UWA researchers Professor Wendy Erber, Dr Kathryn Fuller and Henry Hui were presented with the Eureka Prize for Innovative Use of Technology for developing an automated method for rapid leukaemia detection.
UWA Vice-Chancellor Professor Dawn Freshwater said the Eureka Prize recognised UWA research that had a real impact on the lives of patients.
“This new method is able to detect just one leukaemia cell in 10,000 normal cells, which is a huge step in the ability to pick up the presence of leukaemia earlier,” Professor Freshwater said.
The method they have developed, named Immuno-flowFISH, enables the chromosomes and the whole leukaemia cell to be seen using a microscope built into the instrument used for this test. More than 20,000 cells can be studied in one test, a vast improvement on current methods which only assess a few hundred cells and are much slower.
The name was derived to acknowledge that three tests have been incorporated into one: ‘immuno’ recognises that immunology testing is used to identify the leukaemia cells, ‘flow’ because the machine is an ‘imaging flow cytometer’, and ‘FISH’ is the name of the test that identified the chromosomes inside the cells.
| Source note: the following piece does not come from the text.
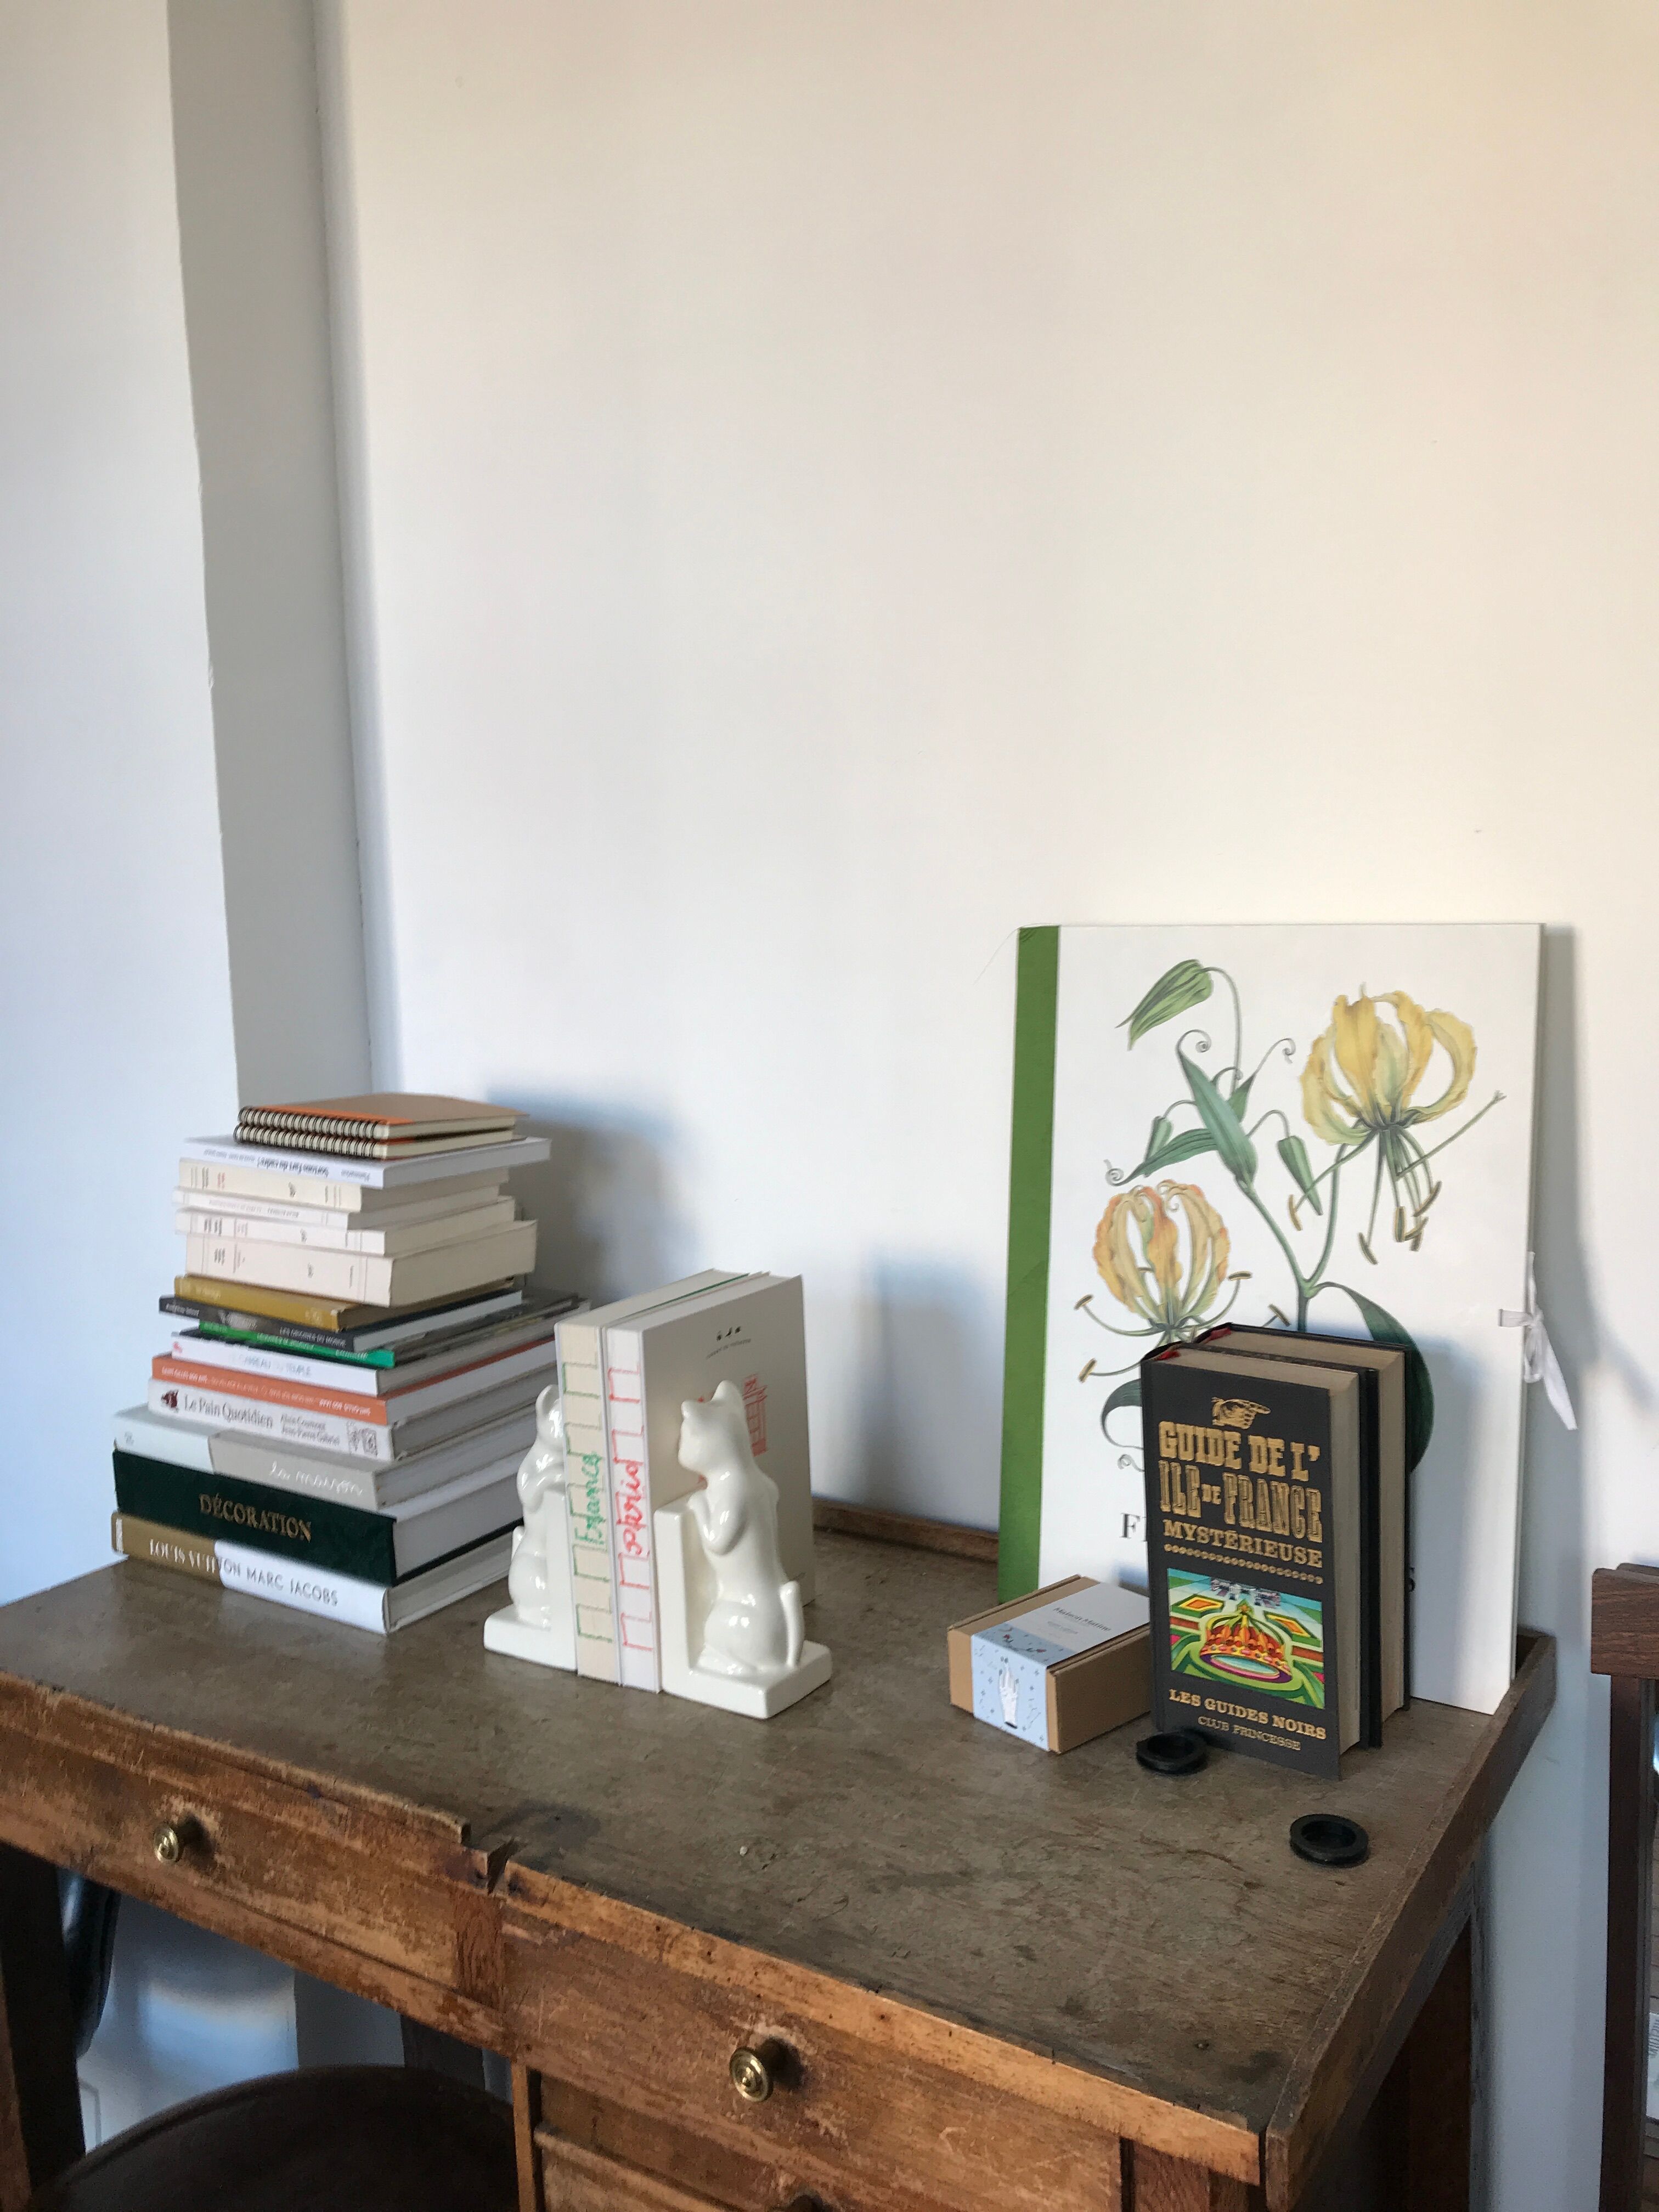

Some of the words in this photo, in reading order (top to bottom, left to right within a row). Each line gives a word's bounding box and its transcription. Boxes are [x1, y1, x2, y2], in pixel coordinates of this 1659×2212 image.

The team has developed and applied the immuno-flowFISH method to study chronic lymphocytic leukaemia, the most common type of leukaemia in Australia and which affects three per cent of people over 60 years of age.
The fast, accurate and sensitive automated method can detect just one leukaemia cell in 10,000 normal cells, a major advance that will lead to personalised treatments and better patient care.
Professor Wendy Erber, who is also the Executive Dean of Health and Medical Sciences at UWA, said the breakthrough would significantly improve the ability to identify genetic changes in cancer cells that will impact treatment.
Professor Erber and her research team are now expanding the test so that it can be applied to other types of leukaemia and cancers.
“I congratulate Professor Erber, Dr Fuller and Henry Hui on winning a Eureka prize, and I look forward to finding out what other applications their device might have,” Professor Freshwater said.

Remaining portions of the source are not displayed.